### [Work instruction]
Copy each of the entries below faithfully, setting aside any pictures.

Spatial localization data
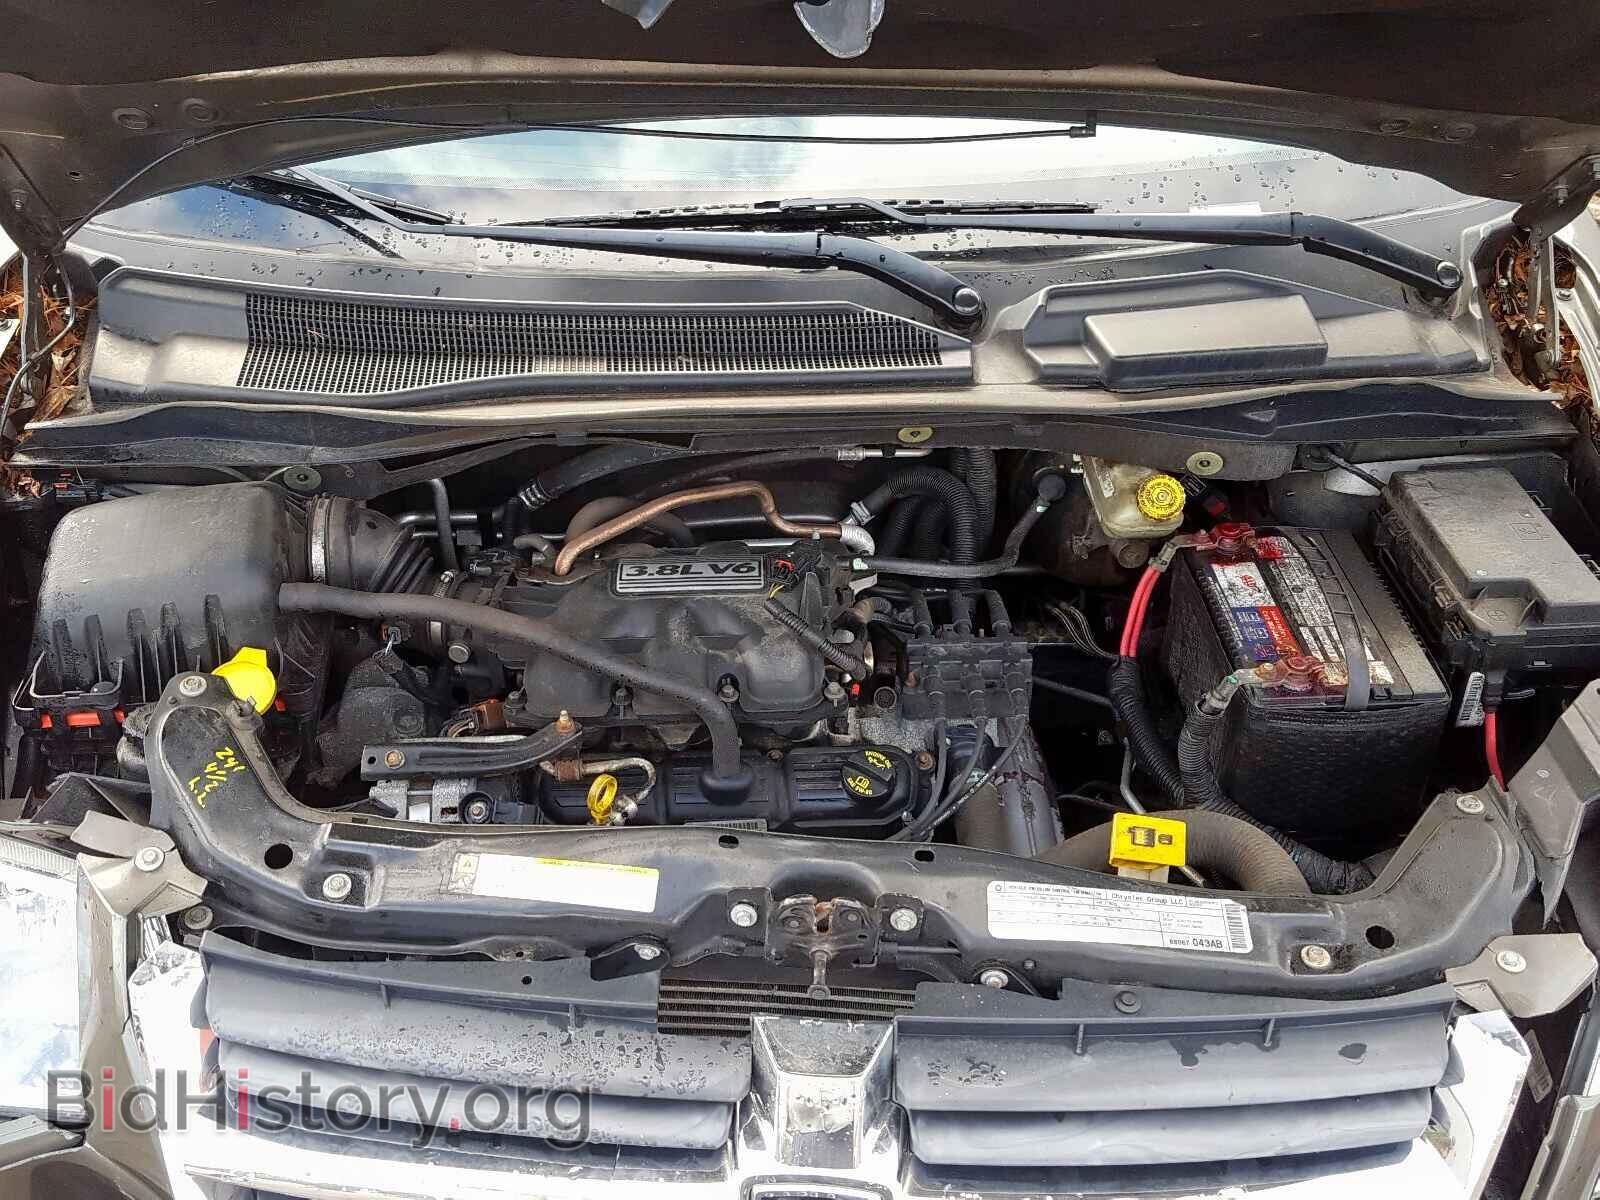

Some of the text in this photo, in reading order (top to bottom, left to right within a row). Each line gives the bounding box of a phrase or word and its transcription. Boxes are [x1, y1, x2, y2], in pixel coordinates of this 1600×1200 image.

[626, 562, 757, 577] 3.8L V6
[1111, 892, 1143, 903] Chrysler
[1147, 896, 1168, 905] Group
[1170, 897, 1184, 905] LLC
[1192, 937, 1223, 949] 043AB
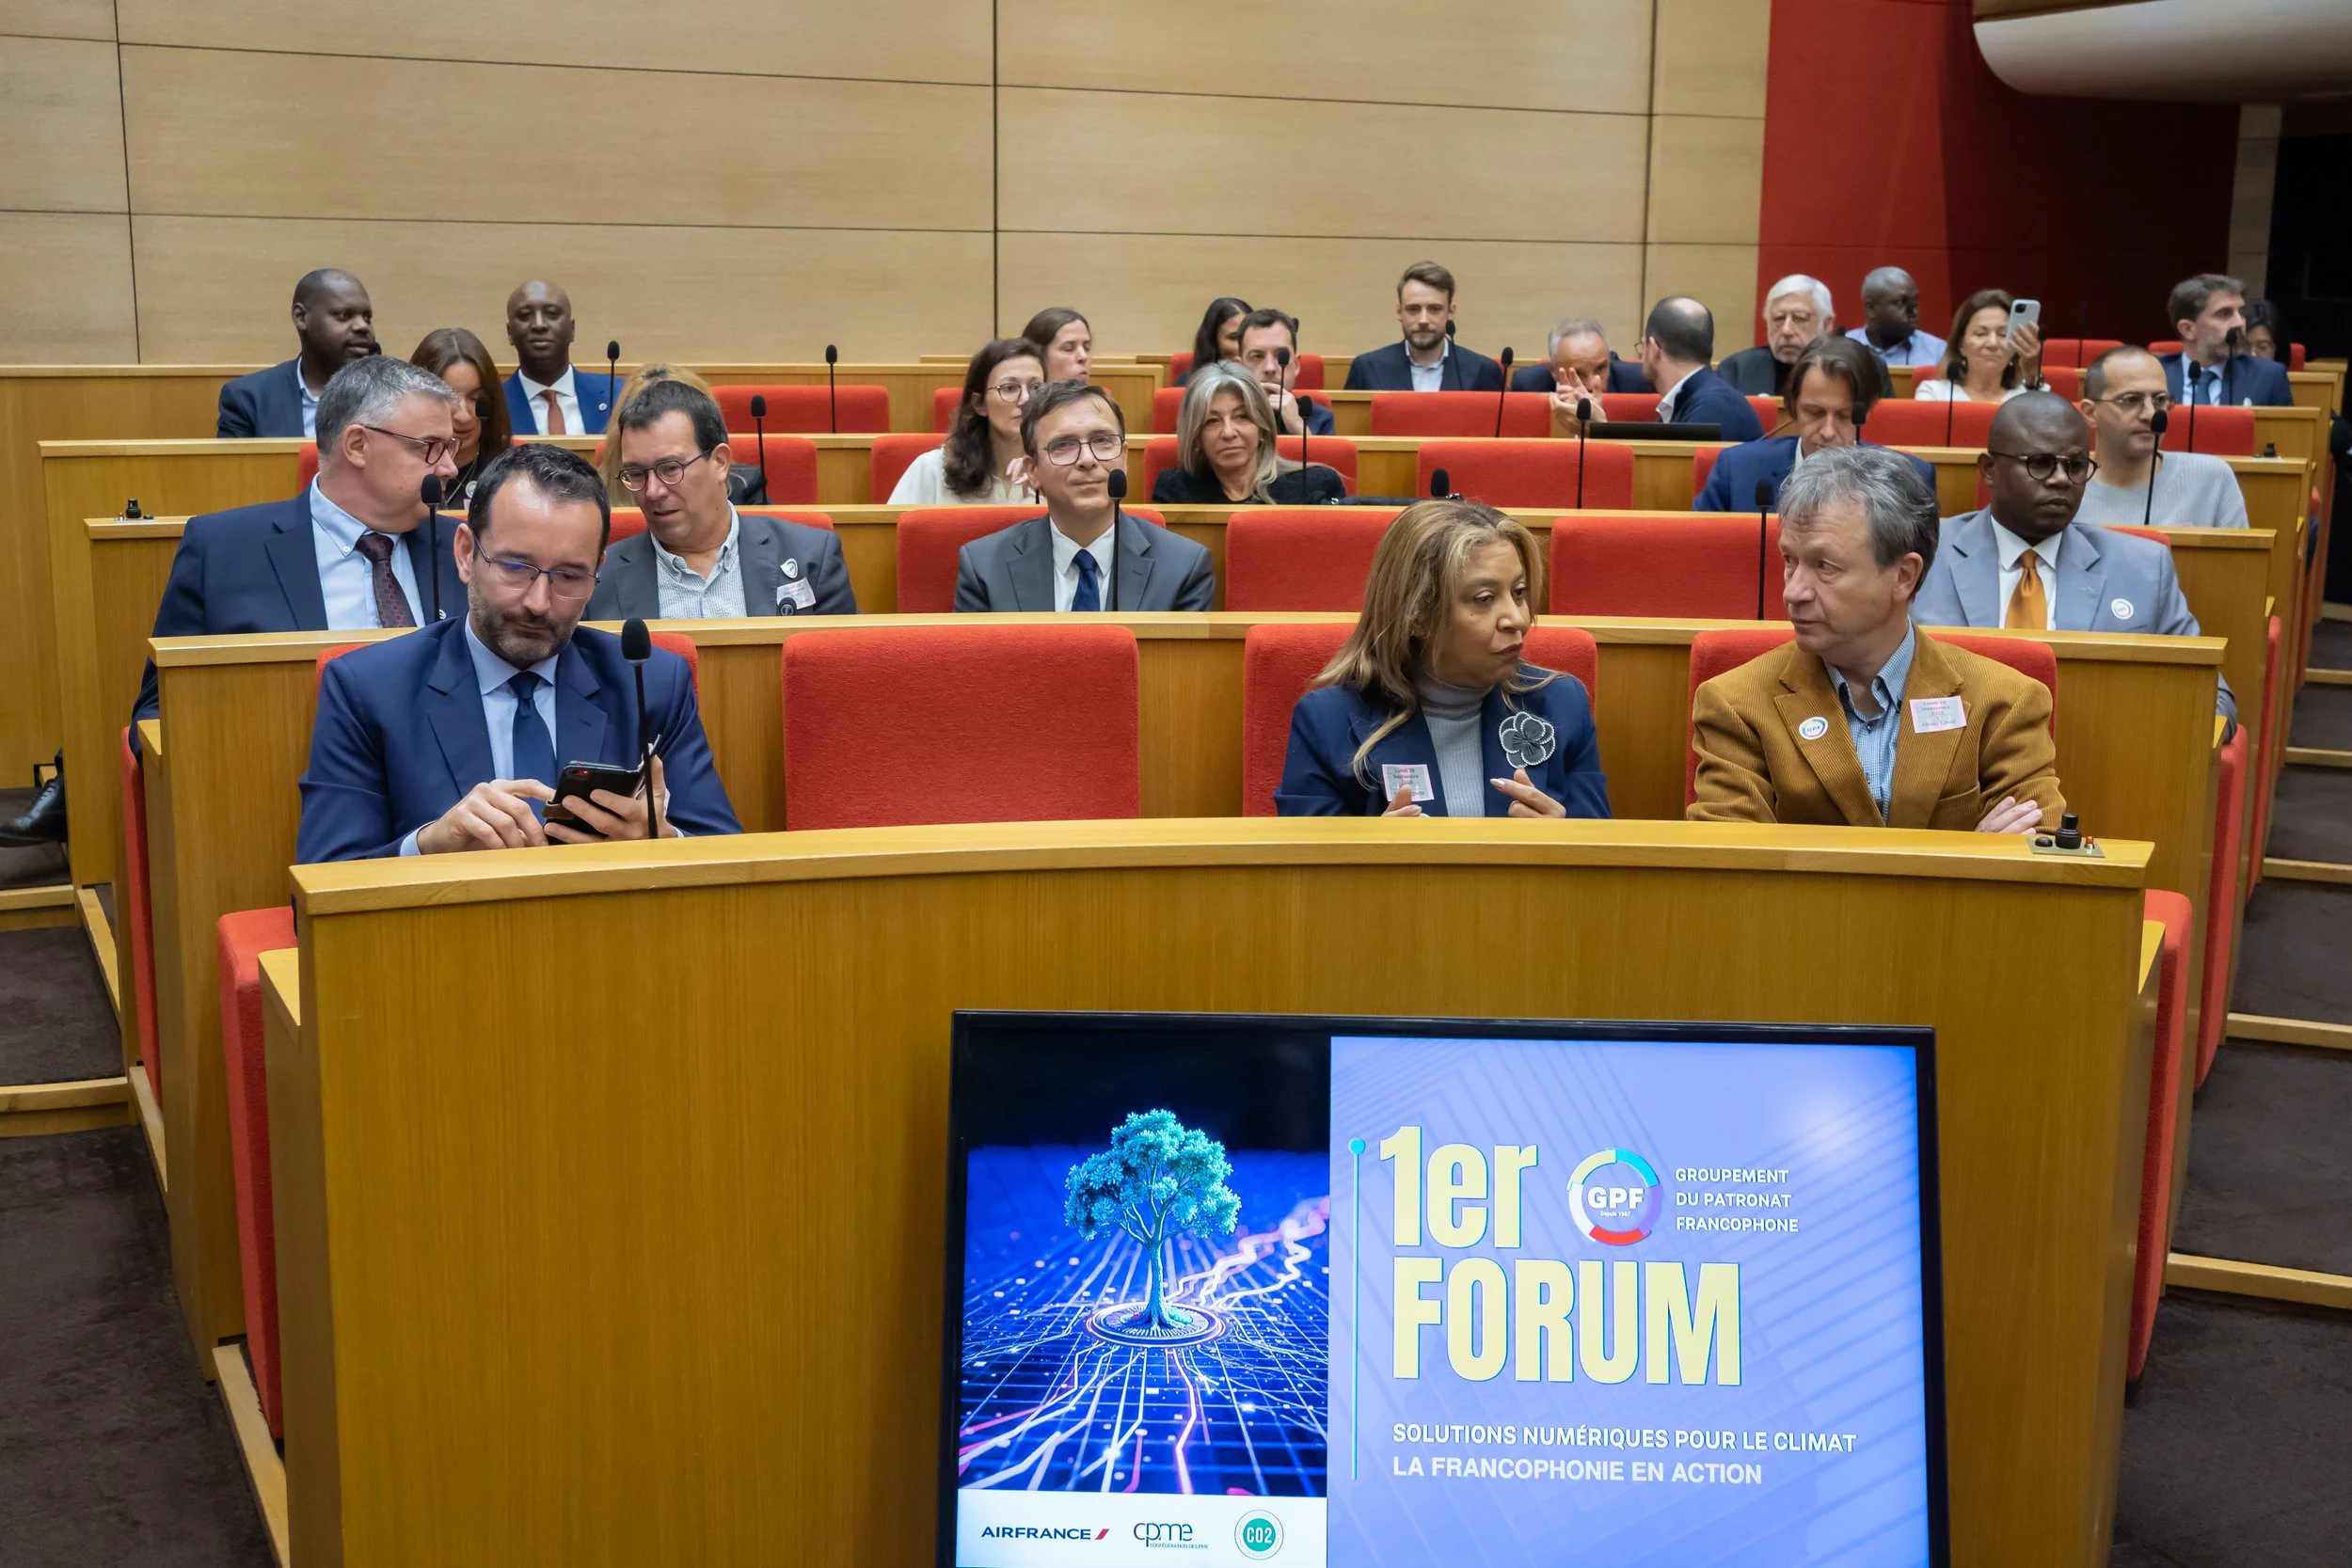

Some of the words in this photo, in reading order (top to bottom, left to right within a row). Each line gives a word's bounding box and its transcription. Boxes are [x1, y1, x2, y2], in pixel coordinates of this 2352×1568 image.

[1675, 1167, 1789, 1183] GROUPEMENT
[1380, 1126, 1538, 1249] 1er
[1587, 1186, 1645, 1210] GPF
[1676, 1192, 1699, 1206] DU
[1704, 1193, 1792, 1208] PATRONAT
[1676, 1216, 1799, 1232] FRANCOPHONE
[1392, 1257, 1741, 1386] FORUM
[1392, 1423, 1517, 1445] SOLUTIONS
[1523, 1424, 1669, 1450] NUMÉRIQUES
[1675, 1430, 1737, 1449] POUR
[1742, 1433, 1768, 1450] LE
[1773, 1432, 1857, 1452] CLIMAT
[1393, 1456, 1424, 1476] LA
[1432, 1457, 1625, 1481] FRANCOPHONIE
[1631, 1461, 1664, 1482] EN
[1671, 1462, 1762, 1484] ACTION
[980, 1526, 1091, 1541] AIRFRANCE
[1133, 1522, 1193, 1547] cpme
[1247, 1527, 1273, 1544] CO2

### [Answer to this exercise]
Some of the text in this photo, in reading order (top to bottom, left to right within a row). Each line gives the bounding box of a phrase or word and its transcription. Boxes are [x1, y1, x2, y2], in pixel coordinates of this 1600×1200 image.

[626, 562, 757, 577] 3.8L V6
[1111, 892, 1143, 903] Chrysler
[1147, 896, 1168, 905] Group
[1170, 897, 1184, 905] LLC
[1192, 937, 1223, 949] 043AB

Some of the words in this photo, in reading order (top to bottom, left to right within a row). Each line gives a word's bounding box and its transcription. Boxes are [x1, y1, x2, y2], in pixel coordinates of this 2352×1568 image.

[1675, 1167, 1789, 1183] GROUPEMENT
[1380, 1126, 1538, 1249] 1er
[1587, 1186, 1645, 1210] GPF
[1676, 1192, 1699, 1206] DU
[1704, 1193, 1792, 1208] PATRONAT
[1676, 1216, 1799, 1232] FRANCOPHONE
[1392, 1257, 1741, 1386] FORUM
[1392, 1423, 1517, 1445] SOLUTIONS
[1523, 1424, 1669, 1450] NUMÉRIQUES
[1675, 1430, 1737, 1449] POUR
[1742, 1433, 1768, 1450] LE
[1773, 1432, 1857, 1452] CLIMAT
[1393, 1456, 1424, 1476] LA
[1432, 1457, 1625, 1481] FRANCOPHONIE
[1631, 1461, 1664, 1482] EN
[1671, 1462, 1762, 1484] ACTION
[980, 1526, 1091, 1541] AIRFRANCE
[1133, 1522, 1193, 1547] cpme
[1247, 1527, 1273, 1544] CO2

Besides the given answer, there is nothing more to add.